→ **Problem details**
Exclude the pictures and retype the entries as written.

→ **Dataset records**
┌──
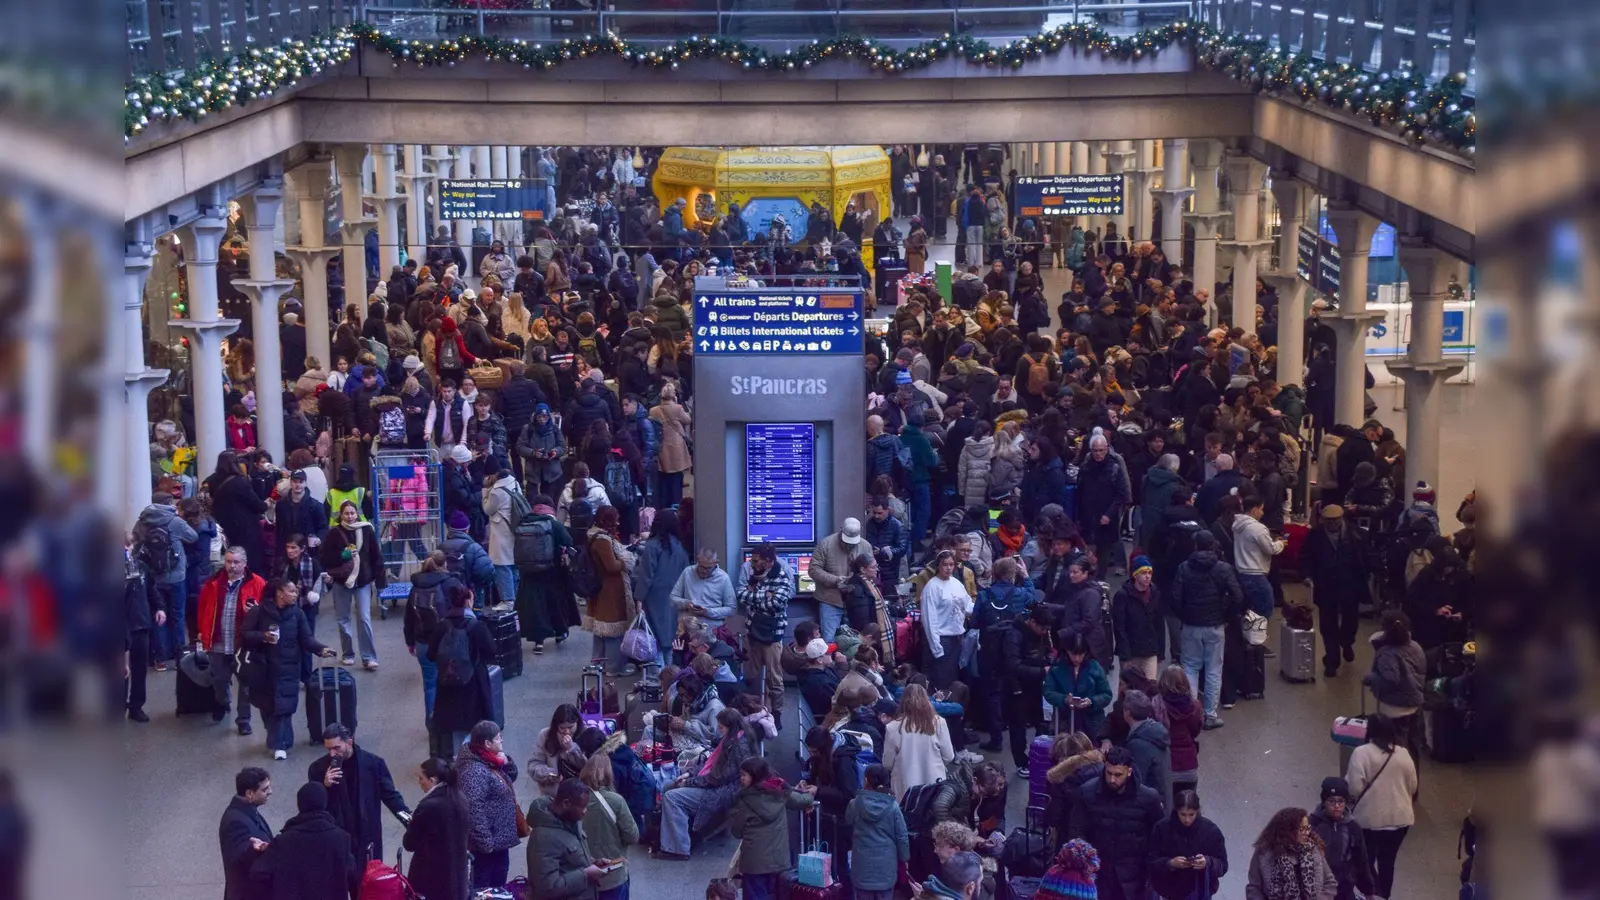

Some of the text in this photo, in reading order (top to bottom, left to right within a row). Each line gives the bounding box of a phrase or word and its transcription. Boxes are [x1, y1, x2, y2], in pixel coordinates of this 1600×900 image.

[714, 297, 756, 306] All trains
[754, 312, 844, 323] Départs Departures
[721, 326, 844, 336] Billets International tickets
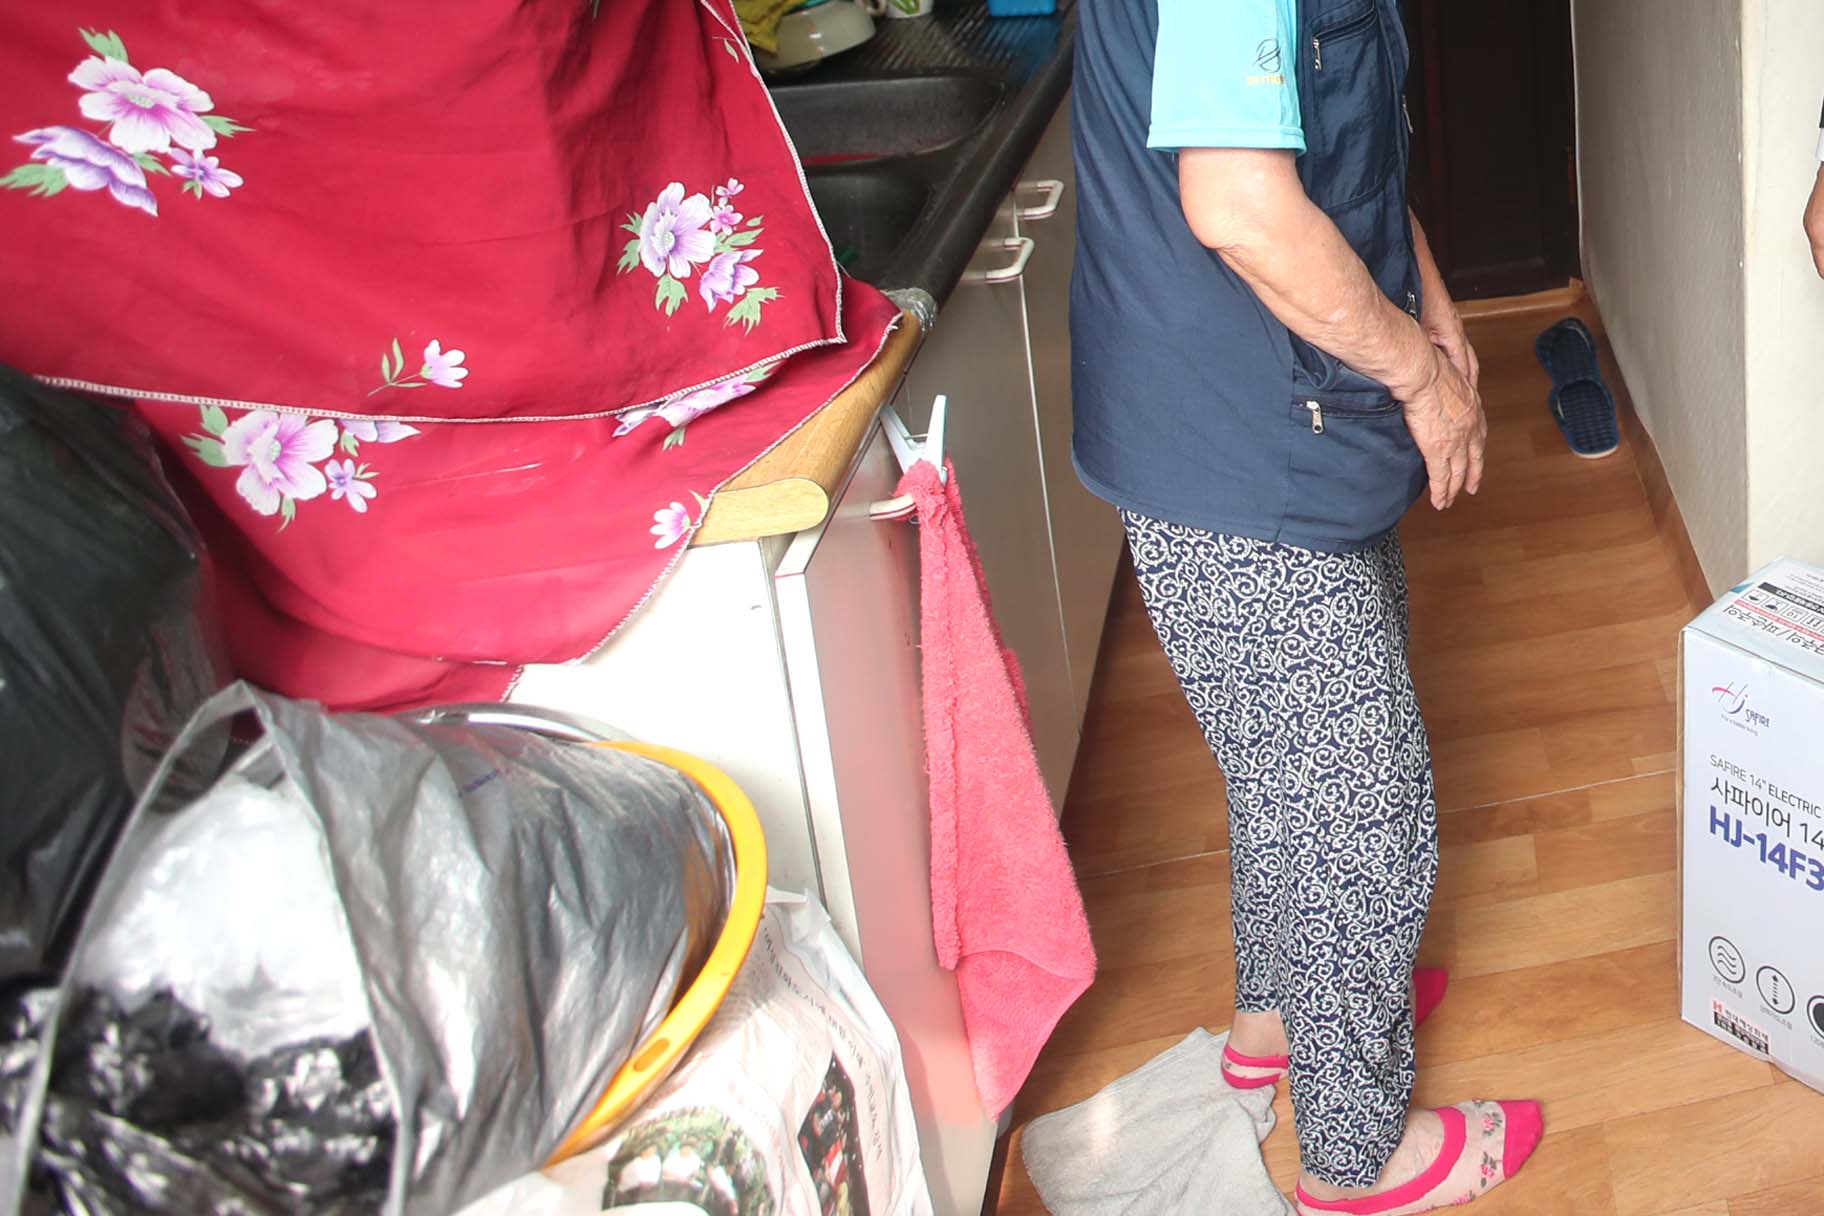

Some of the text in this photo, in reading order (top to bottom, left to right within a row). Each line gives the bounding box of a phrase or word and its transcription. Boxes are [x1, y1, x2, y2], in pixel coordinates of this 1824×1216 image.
└──
→ **Output of the task**
Some of the text in this photo, in reading order (top to bottom, left to right within a row). Each line gives the bounding box of a phrase or word and its transcription. Boxes are [x1, y1, x2, y2], in pixel coordinates of this 1600×900 image.

[714, 297, 756, 306] All trains
[754, 312, 844, 323] Départs Departures
[721, 326, 844, 336] Billets International tickets

Some of the text in this photo, in reading order (top to bottom, left to right within a row). Each line gives the bounding box of a phrase or word and its transcription. Boxes are [x1, y1, x2, y2], in pixel coordinates of this 1824×1216 image.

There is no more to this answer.